Corticosteroid Therapy Started Early Seen to Notably Benefit Cardiac Sarcoidosis Patients

The sooner patients with cardiac sarcoidosis start corticosteroid therapy, the better are their chances of improvement and positive outcomes,a new study published in the International Journal of Cardiology reports.

The study, “Impact Of Early Initiation Of Corticosteroid Therapy On Cardiac Function And Rhythm In Patients With Cardiac Sarcoidosis,” was conducted by a team of researchers in the U.S.

Clinical manifestations of cardiac sarcoidosis include left ventricular systolic dysfunction, ventricular arrhythmias (VAs), and atrioventricular (AV) conduction anomalies, which may lead to heart failure and death.

To investigate the efficacy of an early use of corticosteroid therapy in patients presenting these symptoms, researchers analyzed 446 sarcoidosis patients, attending a sarcoid clinic at Albany Medical Center, from May 2011 through December 2014.

Of that initial group, 30 patients (mean age 58) had confirmed cardiac sarcoidosis and a complete record of their follow-up. The median time from diagnosis of cardiac sarcoidosis was 40 months. Clinically significant cardiac manifestations were seen in 22 patients, of which 14 had left ventricular systolic dysfunction, 14 had VAs, and 5 had advanced AV block.

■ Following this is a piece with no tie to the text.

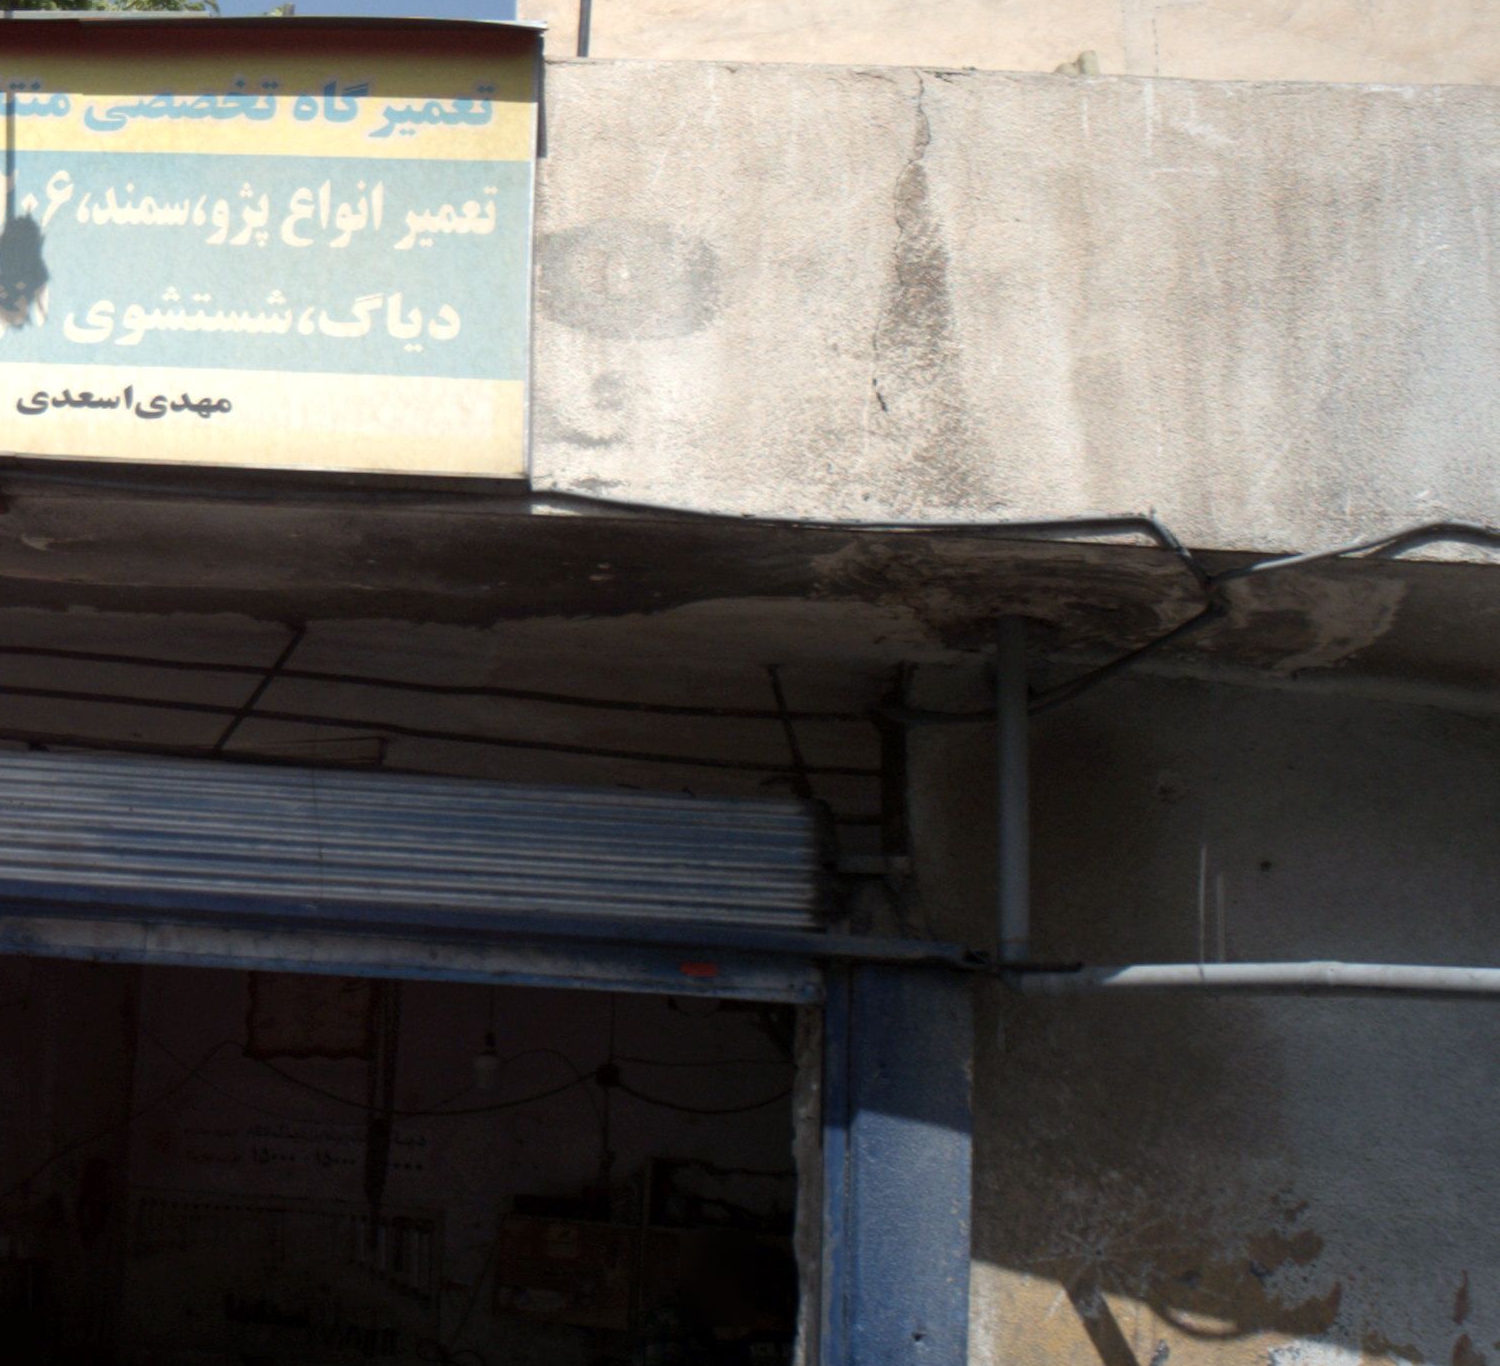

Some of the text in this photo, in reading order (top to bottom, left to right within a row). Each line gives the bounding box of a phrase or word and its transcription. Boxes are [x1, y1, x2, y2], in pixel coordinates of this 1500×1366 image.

[83, 79, 278, 132] تخصصی
[282, 179, 384, 248] انواع
[393, 186, 498, 250] تعمیر

Among these patients, 90 percent (27 patients) received corticosteroid therapy, and 23 of the 27 (85 percent) had started it early. The others either began corticosteroid therapy several months after diagnosis or never started the therapy at all.

Of the 14 patients with left ventricular systolic dysfunction, 9 were put on corticosteroid therapy soon after being diagnosed with cardiac sarcoidosis and showed improvement, while remaining 5 who either had delayed therapy initiation or no therapy did not.

In patients with VAs (14) or advanced AV block (5), early start of corticosteroid treatment resulted in no VA recurrences in 8 of 11 patients, and complete recovery of AV conduction in 2 of 3 patients. Those who did not receive early therapy — 3 VA patients and 2 VA block patients — did not show any improvement.

Overall, these results show that early corticosteroid therapy was consistently associated clinical improvement or stability.

“Early initiation of corticosteroid therapy in cardiac sarcoidosis patients with heart failure appeared to improve left ventricular systolic dysfunction irrespective of the severity of the left ventricular dysfunction in our cohort,” the researchers wrote. “Early corticosteroid initiation may potentially decrease the overall burden of ventricular arrhythmias and atrioventricular block in these patients.”

And, they concluded: “Our data suggest that a delay in diagnosis or initiation of corticosteroid therapy might attenuate these potential beneficial effects of … therapy in cardiac sarcoidosis and affect important clinical outcomes. Future prospective trials will be required in larger sarcoidosis populations to validate this conjecture.”